In the end the ADT/radiation salvage treatment was no problem compared to the prostatectomy. If you do need salvage just make sure to get exercising, try not to be overweight and watch your diet as it is almost impossible to not put on weight on the ADT. Almost nine years later I still have an undetectable PSA.
Enock; I would say, do not borrow trouble before you need to. You have had enough already and just need to recover from that first before worrying about what might or might not be. By my layman's knowledge, your pathology reports look pretty good but as stated by others, your next couple PSA's will be the deciding factor. (A ten hour operation is remarkable! What explanation was given for such a lengthy procedure?) Until evidence suggests further action, just try to relax. Jon.
Thank you so much for your responses. One of the problems I have is being out of control. I want to double check everything or I can't relax. That's why a forum like this is invaluable.
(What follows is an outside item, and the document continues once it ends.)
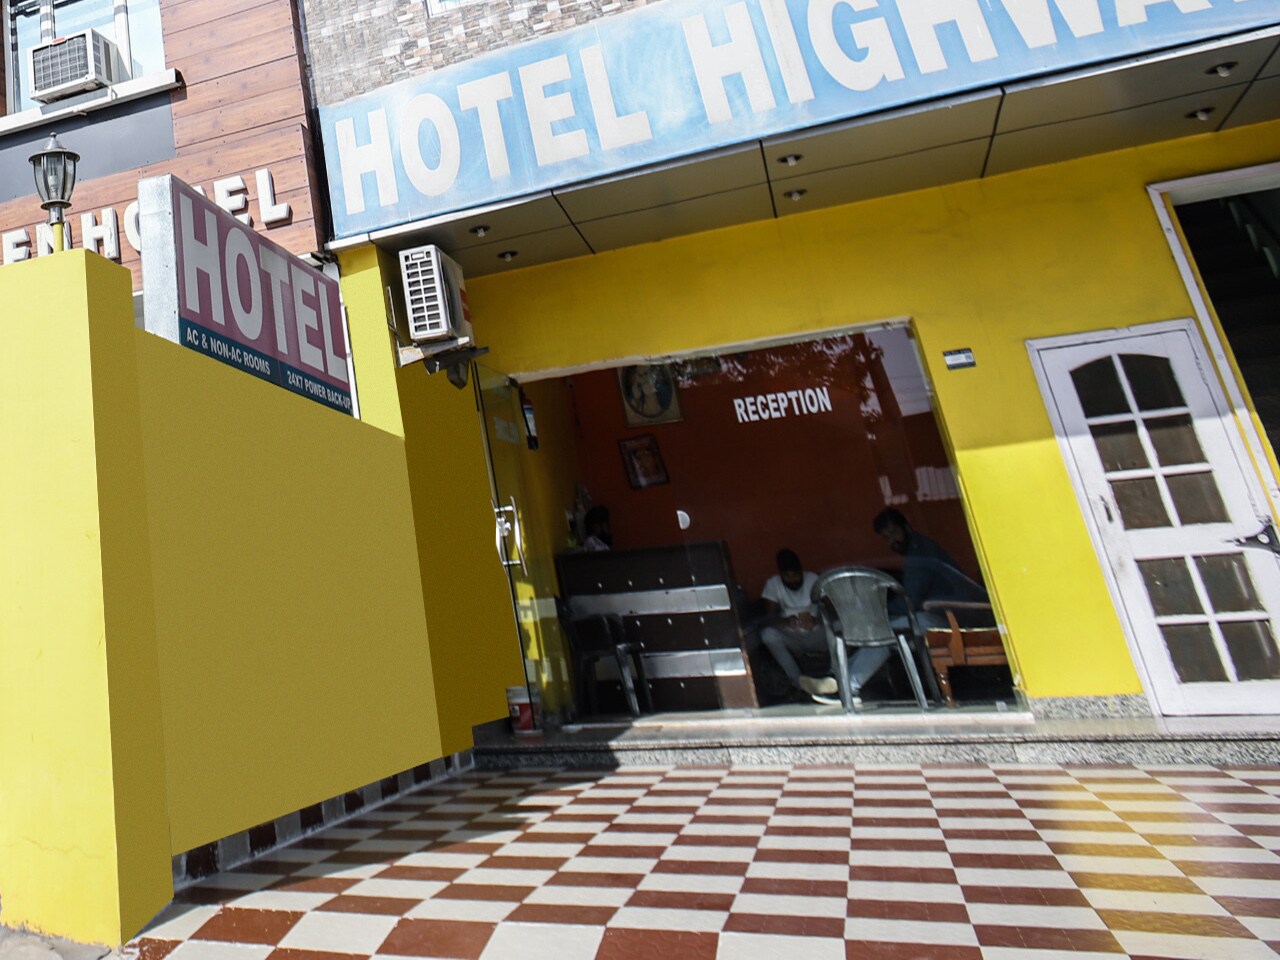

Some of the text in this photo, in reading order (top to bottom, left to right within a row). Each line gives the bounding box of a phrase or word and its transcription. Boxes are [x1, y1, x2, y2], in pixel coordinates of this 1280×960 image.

The explanation given to me for the length of the procedure was the size of the prostate (209 grams), combined with my size (5'10'' 270 pounds) made for a very challenging work area. At one point they discontinued the procedure because they felt it was dangerous to keep me upside down for so long. I don't have to tell you, the day after the surgery I was pretty beat up. Amazingly though, they tell you to get up and walk, and somehow over the next few days you start to recover.
I hope you have read that being overweight will result in poorer outcomes for PC. I know how hard it is to drop a few pounds but you really need to put your focus on that area right now. For many people getting a cancer diagnosis is a big motivator to improve their overall health and may result in them living longer than they would have otherwise.
Thank you, Frank, for your comments. I know what you say is true. From diagnosis on June 30th to surgery on October 2nd, I lost approximately thirty pounds. I am continuing with the diet and have not varied even while recovering. I am hopeful that this will finally be the time that I take it off and keep it off.